(Dataset entries)
· · · · · · ·
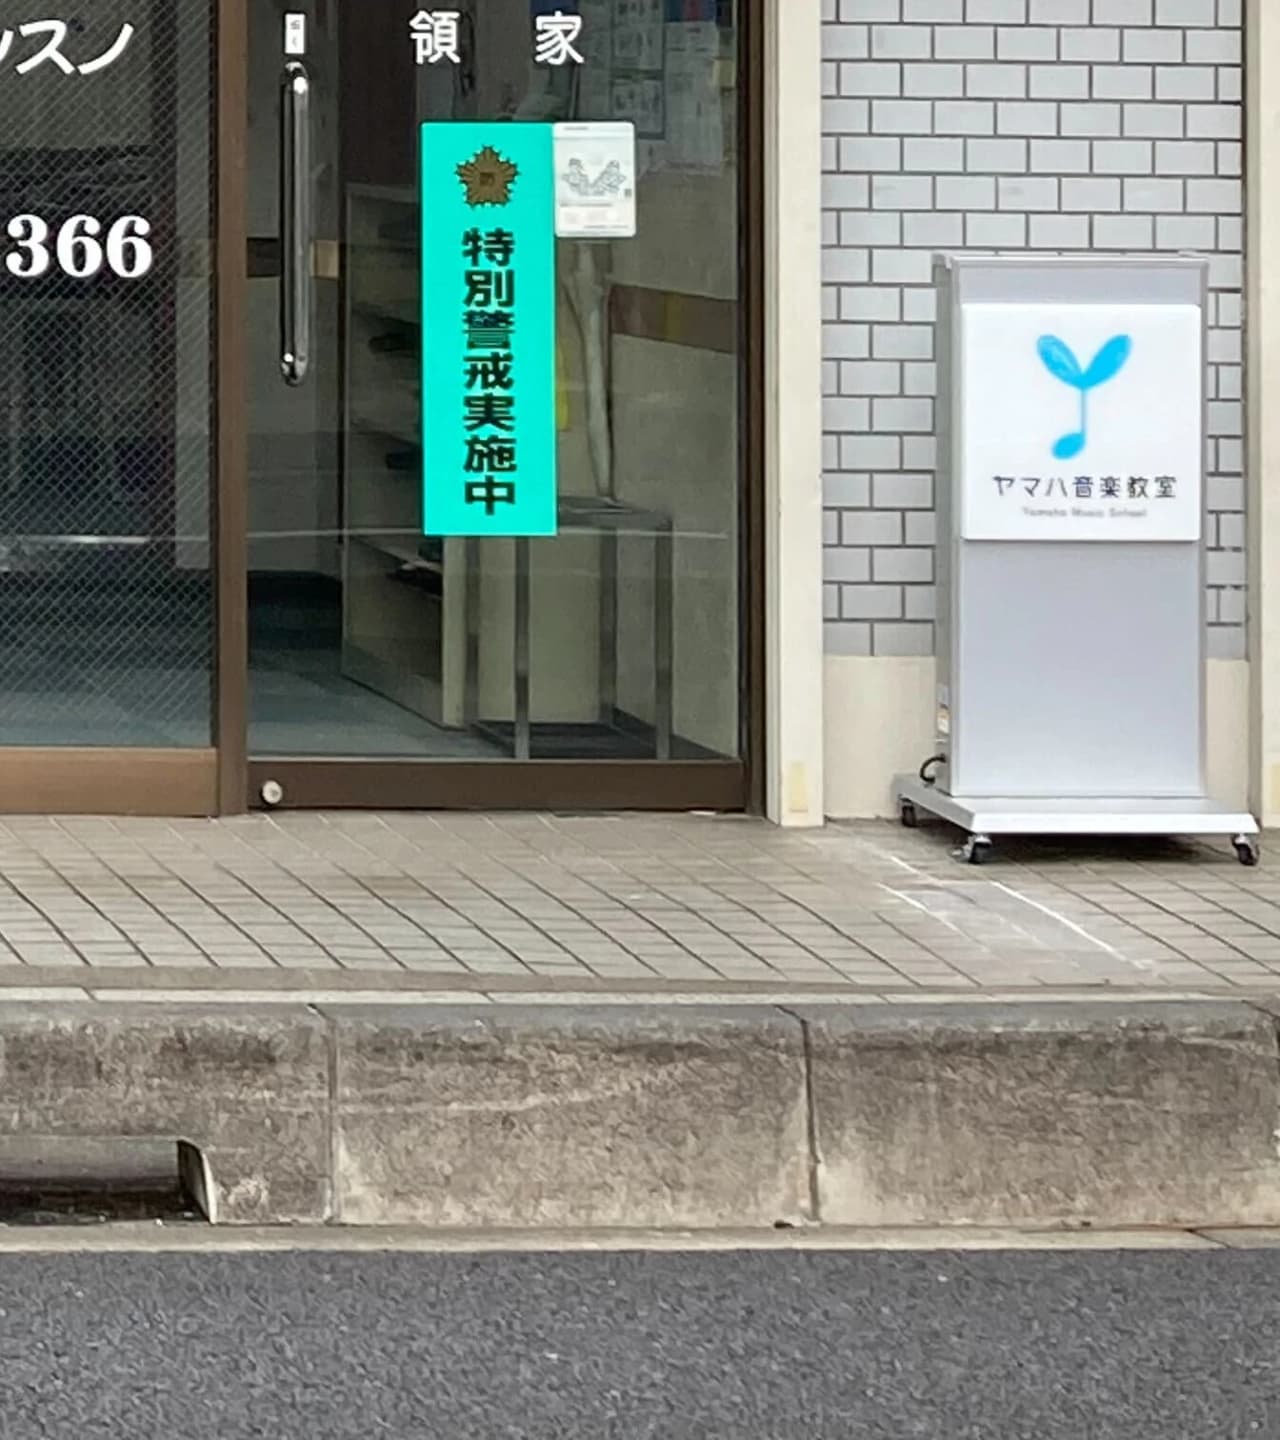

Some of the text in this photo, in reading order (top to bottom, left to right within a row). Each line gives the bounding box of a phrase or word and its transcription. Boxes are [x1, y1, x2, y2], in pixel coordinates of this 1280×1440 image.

[408, 9, 585, 66] 領家
[462, 227, 517, 515] 特別警戒実施中
[992, 475, 1177, 499] ヤマハ音楽教室
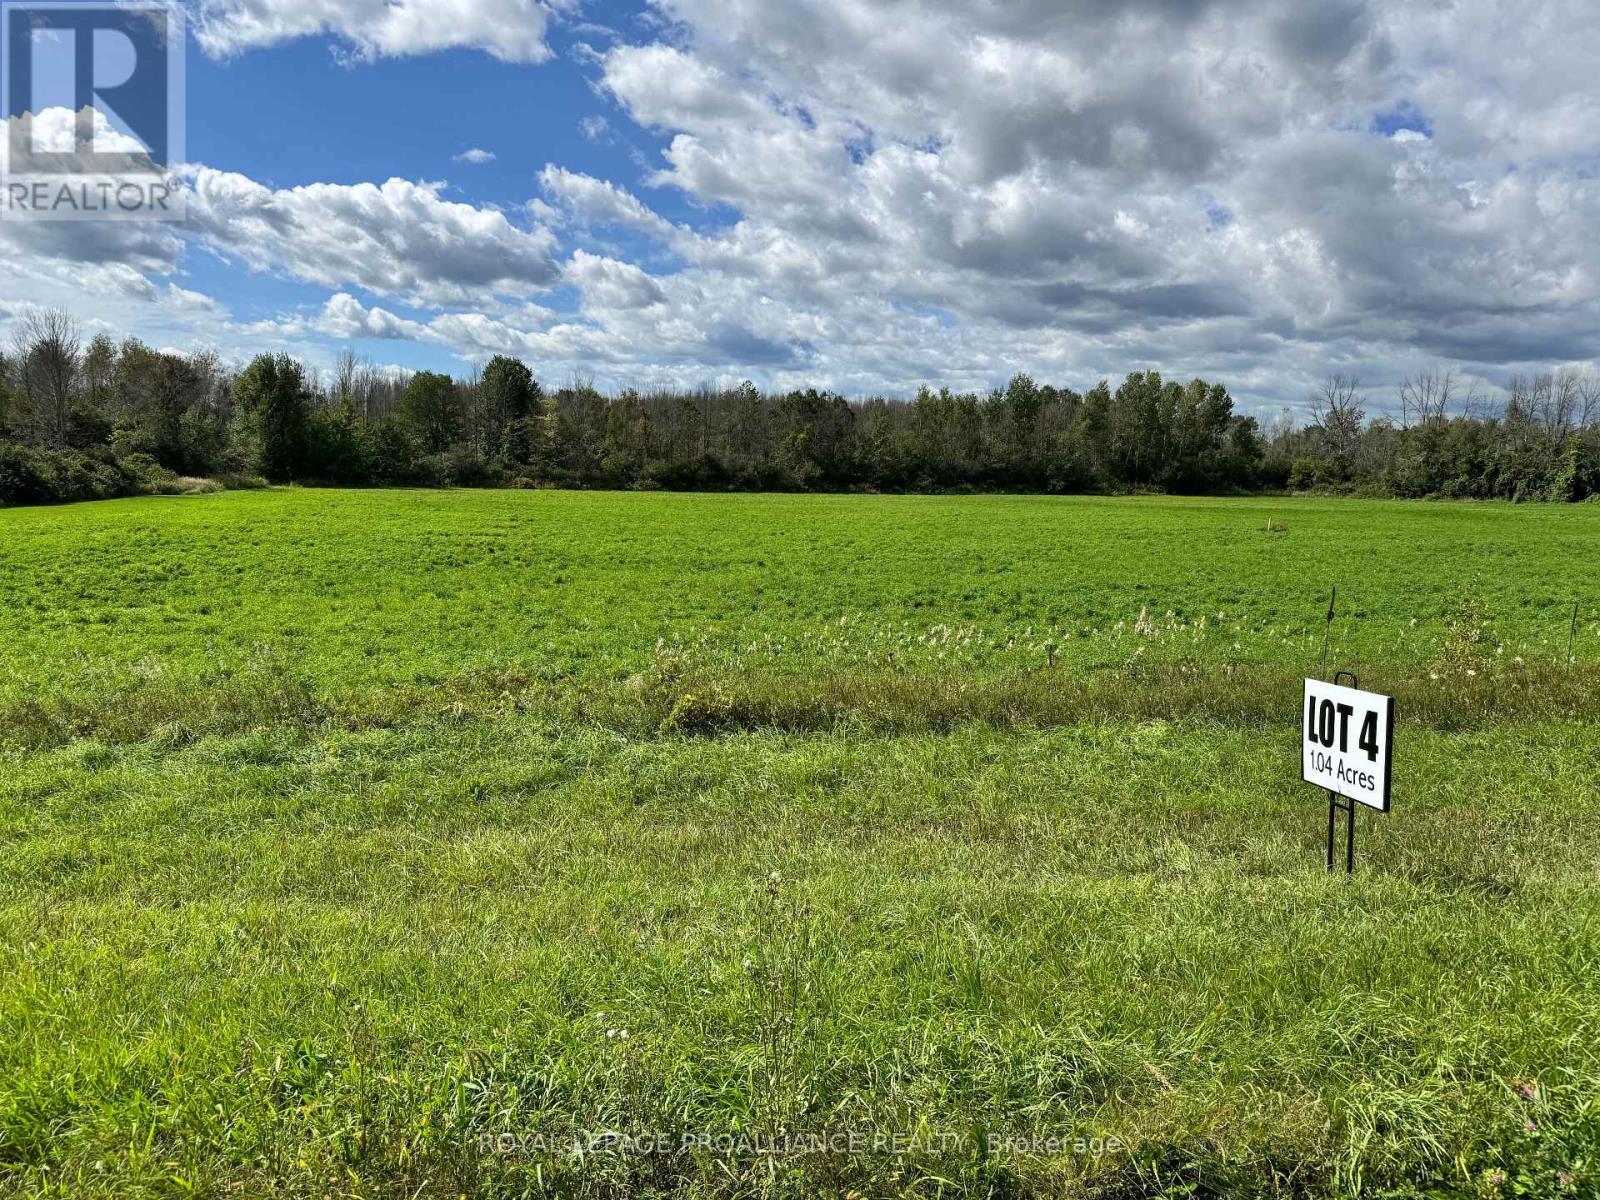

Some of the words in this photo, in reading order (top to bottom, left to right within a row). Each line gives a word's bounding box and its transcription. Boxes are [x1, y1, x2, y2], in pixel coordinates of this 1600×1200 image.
· · · · · · ·
TASK TO COMPLETE:
Give the data again exactly as it stands, apart from the pictures.

EXERCISE SOLUTION:
Some of the text in this photo, in reading order (top to bottom, left to right within a row). Each line gives the bounding box of a phrase or word and its transcription. Boxes are [x1, y1, x2, y2], in pixel coordinates of this 1280×1440 image.

[408, 9, 585, 66] 領家
[462, 227, 517, 515] 特別警戒実施中
[992, 475, 1177, 499] ヤマハ音楽教室

Some of the words in this photo, in reading order (top to bottom, left to right within a row). Each line gives a word's bounding box and its transcription. Boxes are [x1, y1, x2, y2], in pixel coordinates of this 1600×1200 image.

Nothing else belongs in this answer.